Exercise brief =
Give back all the entries below. Omit none of them.

Dataset entries
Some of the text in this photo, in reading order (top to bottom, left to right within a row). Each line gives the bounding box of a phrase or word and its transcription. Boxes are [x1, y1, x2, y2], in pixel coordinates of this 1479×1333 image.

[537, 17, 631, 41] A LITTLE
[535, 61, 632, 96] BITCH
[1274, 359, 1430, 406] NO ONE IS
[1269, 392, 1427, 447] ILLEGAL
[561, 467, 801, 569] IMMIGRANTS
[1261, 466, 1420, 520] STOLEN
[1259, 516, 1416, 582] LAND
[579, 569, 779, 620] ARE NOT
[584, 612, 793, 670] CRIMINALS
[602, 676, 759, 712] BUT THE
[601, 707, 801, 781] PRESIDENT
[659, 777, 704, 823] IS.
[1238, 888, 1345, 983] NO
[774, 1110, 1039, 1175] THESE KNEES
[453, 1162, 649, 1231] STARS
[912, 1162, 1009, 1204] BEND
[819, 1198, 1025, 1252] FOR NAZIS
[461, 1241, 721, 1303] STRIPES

Task result =
Some of the text in this photo, in reading order (top to bottom, left to right within a row). Each line gives the bounding box of a phrase or word and its transcription. Boxes are [x1, y1, x2, y2], in pixel coordinates of this 1479×1333 image.

[537, 17, 631, 41] A LITTLE
[535, 61, 632, 96] BITCH
[1274, 359, 1430, 406] NO ONE IS
[1269, 392, 1427, 447] ILLEGAL
[561, 467, 801, 569] IMMIGRANTS
[1261, 466, 1420, 520] STOLEN
[1259, 516, 1416, 582] LAND
[579, 569, 779, 620] ARE NOT
[584, 612, 793, 670] CRIMINALS
[602, 676, 759, 712] BUT THE
[601, 707, 801, 781] PRESIDENT
[659, 777, 704, 823] IS.
[1238, 888, 1345, 983] NO
[774, 1110, 1039, 1175] THESE KNEES
[453, 1162, 649, 1231] STARS
[912, 1162, 1009, 1204] BEND
[819, 1198, 1025, 1252] FOR NAZIS
[461, 1241, 721, 1303] STRIPES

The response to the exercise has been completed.